In the current year ending June 30, 2014, the budget will show a NZ$2.32 billion deficit, wider than the May forecast of NZ$2.03 billion reflecting reduced income by state-owned companies, the Treasury said.
Net government debt is expected to be 26.3 percent of gross domestic product by June 30, and peak at 26.5 percent a year later, it said. That compares with a previously forecast peak of 28.7 percent in 2015.
The government will borrow NZ$8 billion by selling bonds in the year through June 30, down from the NZ$10 billion program announced in May. The bond program is forecast to be NZ$7 billion in the following two years.
The Debt Management Office will also repurchase NZ$3 billion of April 2015 bonds from January to June, it said in a statement. The changes are in response to a NZ$5 billion reduction in forecast funding requirements as a result of a stronger cash position, it said.
Domestic demand is being boosted by the rebuilding of Christchurch, a stronger labor market and net immigration, the Treasury said. The central bank said last week it will need to start raising interest rates from a record low next year.

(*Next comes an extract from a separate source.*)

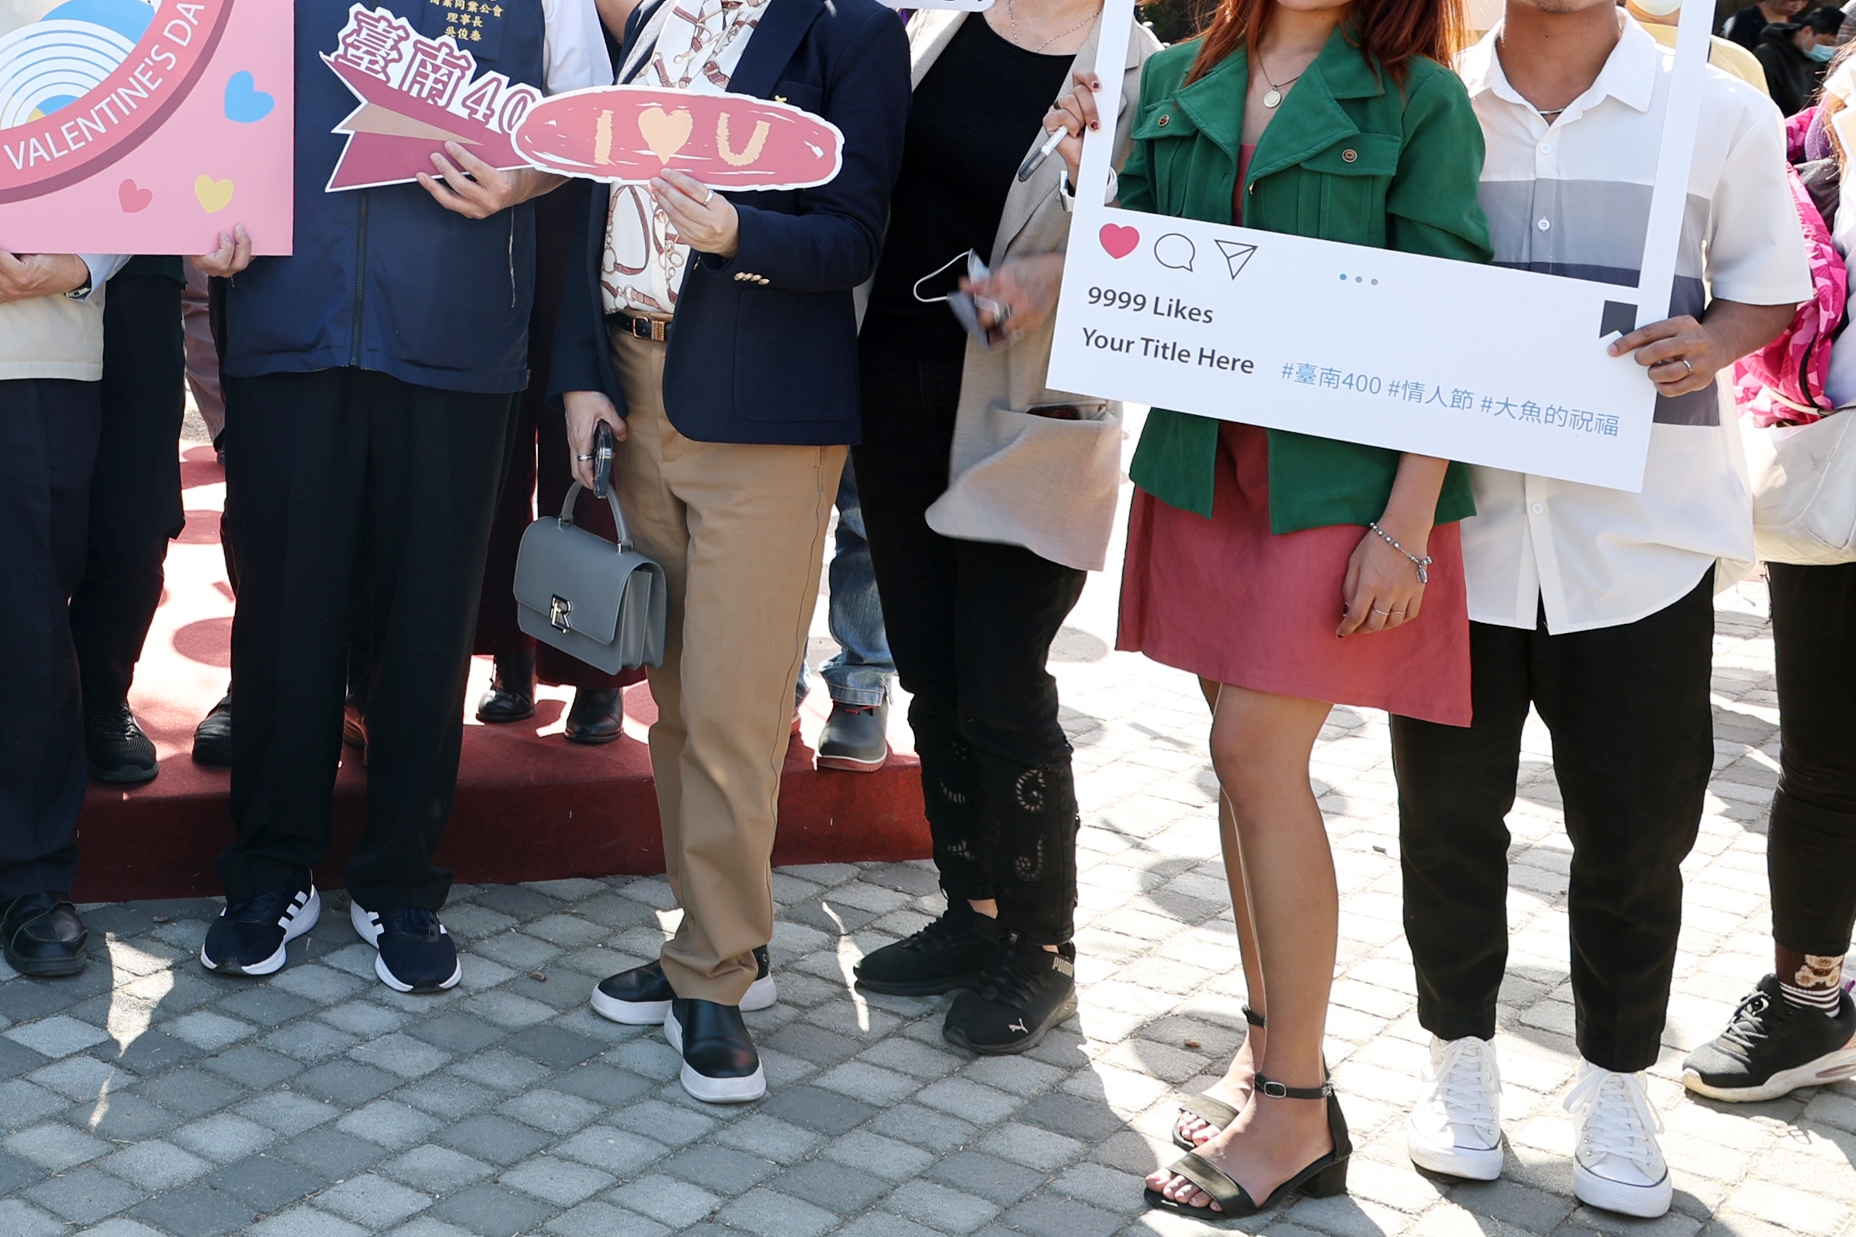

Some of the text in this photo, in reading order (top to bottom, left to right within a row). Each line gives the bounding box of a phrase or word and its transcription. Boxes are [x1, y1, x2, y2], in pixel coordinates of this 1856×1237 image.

New Zealand’s economic growth is forecast to be 2.7 percent in the year ending March 31, 2014, and 3.6 percent the following year, the Treasury said today, raising its estimates from May when it projected 2.4 percent and 3 percent growth.
“The signs are now pretty evident that growth has picked up appreciably,” English told reporters. The government will continue to exercise spending restraint “to ensure this fiscal and economic momentum can endure,” he said.
Business confidence rose to near a 15-year high last month, according to an ANZ Bank New Zealand Ltd. survey. Employers added 27,000 jobs in the three months ended Sept. 30, the most in more than six years, Statistics New Zealand said on Nov. 6. House prices rose 9.6 percent in November from a year earlier, the Real Estate Institute said Dec. 12.
Growth has picked up in the second half of 2013 after GDP increased 0.6 percent in the six months through June. A Dec. 19 report will probably show third-quarter growth of 1.1 percent for an annual pace of 3.4 percent, according to the median forecast of six economists in a Bloomberg survey.